Quote all of the data that follows exactly as written, skipping the images.

━━━ Dataset entries ━━━

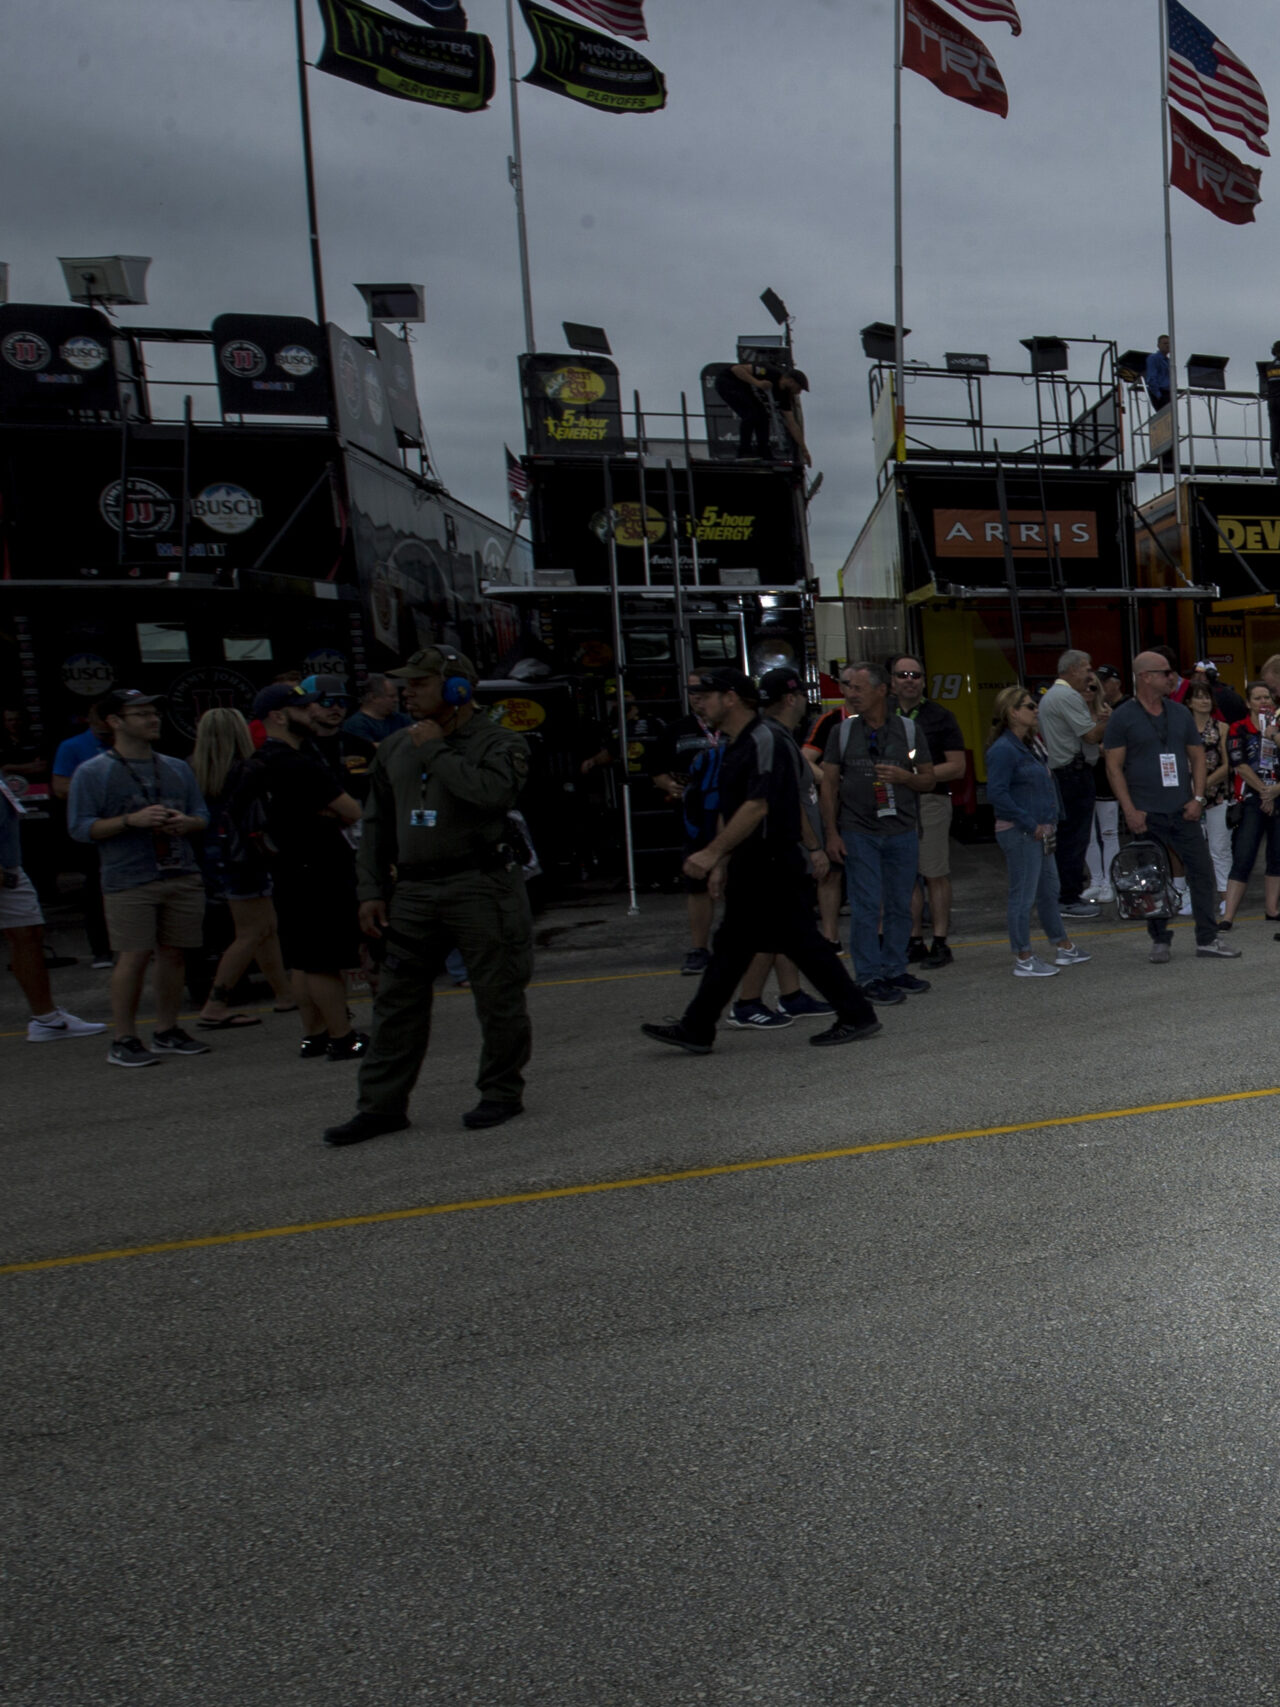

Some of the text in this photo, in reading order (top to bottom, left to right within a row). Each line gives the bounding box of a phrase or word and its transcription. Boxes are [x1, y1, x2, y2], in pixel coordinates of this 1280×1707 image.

[400, 79, 461, 101] PLAYOFFS
[586, 91, 647, 107] PLAYOFFS
[193, 500, 262, 517] BUSCH
[700, 505, 756, 527] 5-hour
[695, 526, 754, 541] ENERGY
[944, 522, 1091, 542] ARRIS
[931, 674, 963, 699] 19
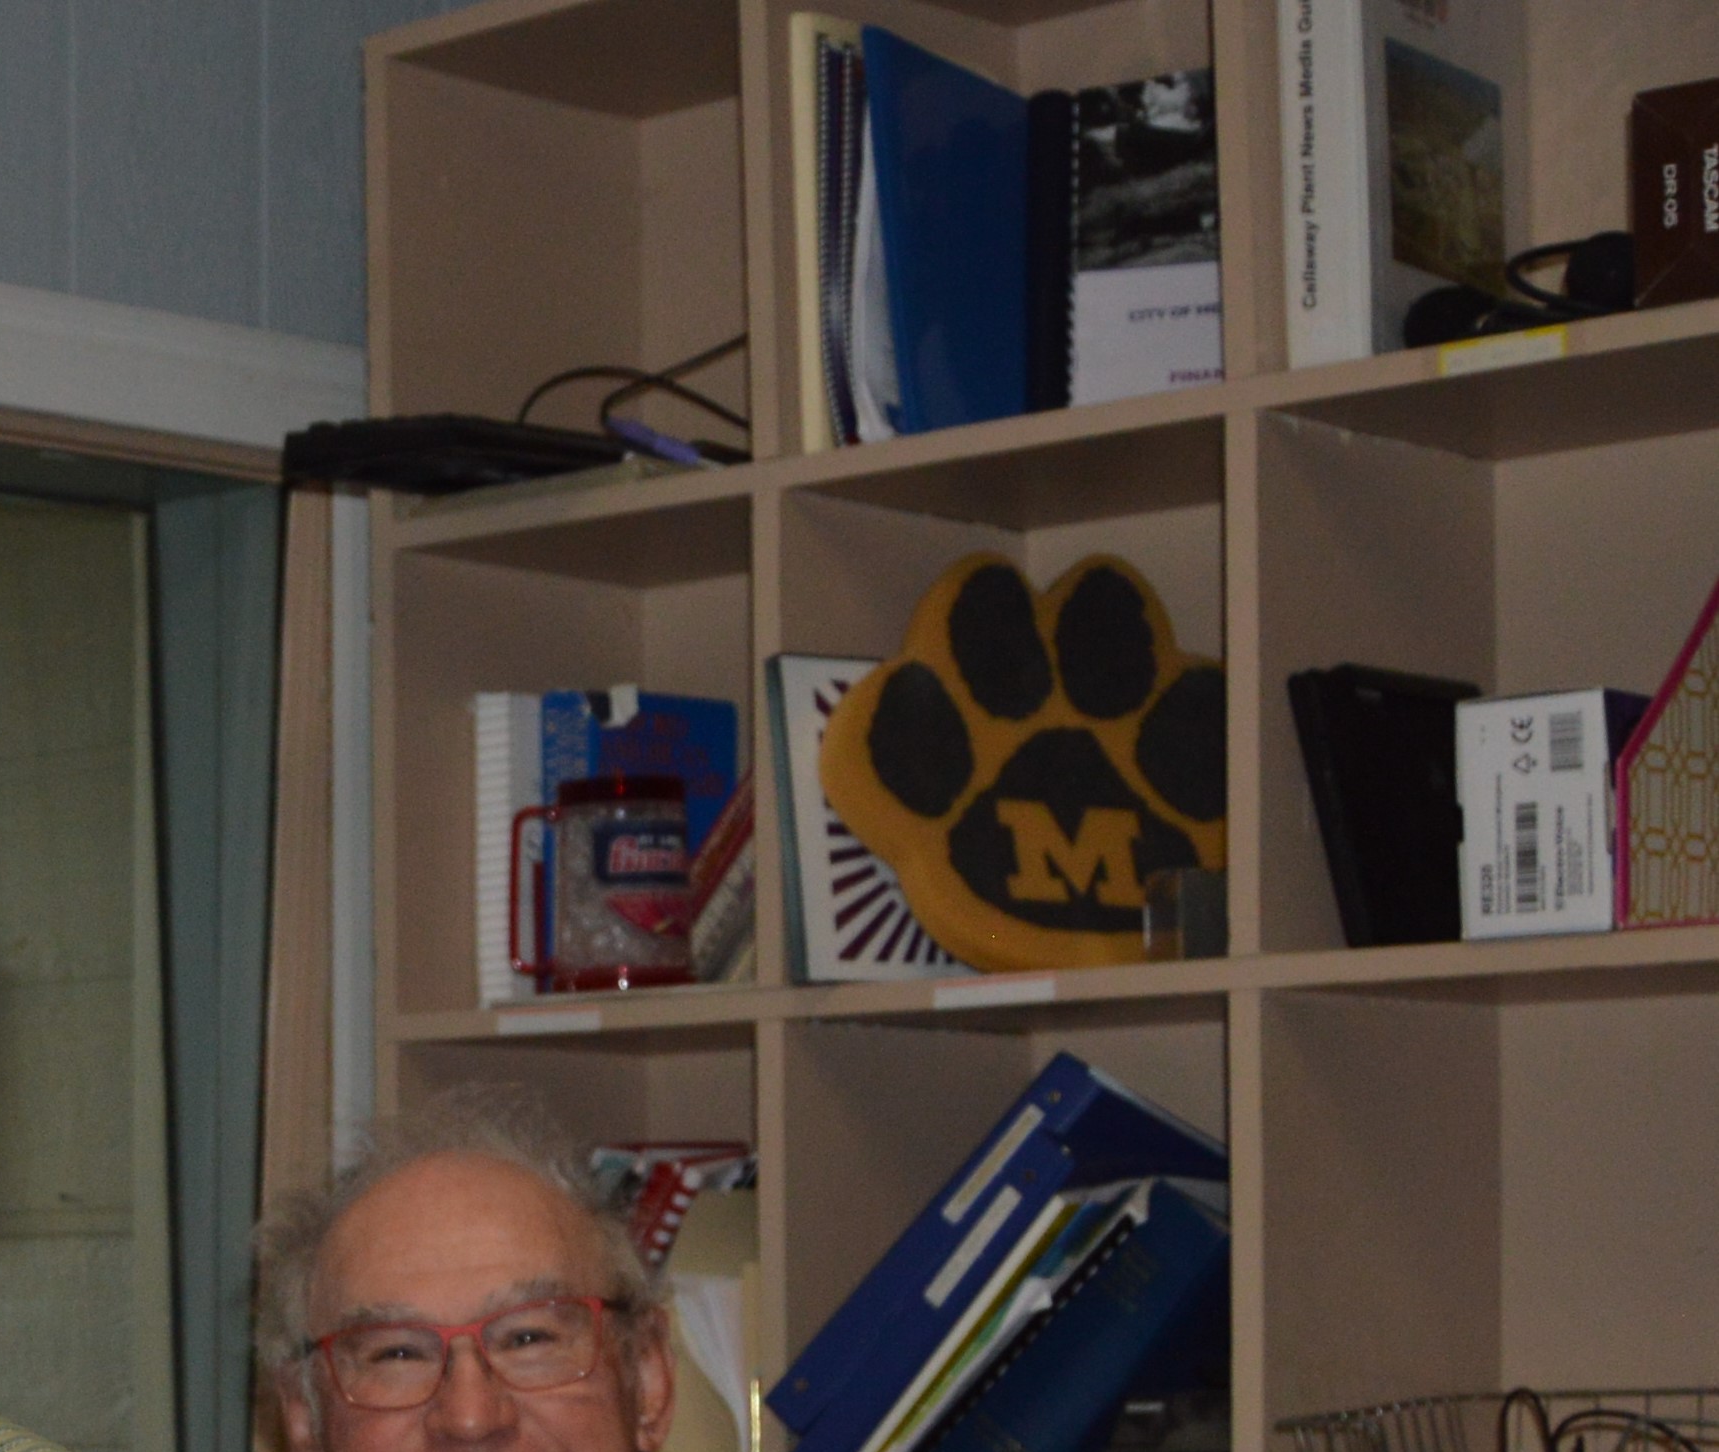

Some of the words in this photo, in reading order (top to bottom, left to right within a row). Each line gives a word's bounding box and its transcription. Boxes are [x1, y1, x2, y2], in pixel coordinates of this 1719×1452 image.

━━━

Exercise output ::
Some of the text in this photo, in reading order (top to bottom, left to right within a row). Each line gives the bounding box of a phrase or word and its transcription. Boxes are [x1, y1, x2, y2], in pixel coordinates of this 1280×1707 image.

[400, 79, 461, 101] PLAYOFFS
[586, 91, 647, 107] PLAYOFFS
[193, 500, 262, 517] BUSCH
[700, 505, 756, 527] 5-hour
[695, 526, 754, 541] ENERGY
[944, 522, 1091, 542] ARRIS
[931, 674, 963, 699] 19

Some of the words in this photo, in reading order (top to bottom, left to right within a row). Each line gives a word's bounding box and its transcription. Boxes are [x1, y1, x2, y2], in pixel coordinates of this 1719×1452 image.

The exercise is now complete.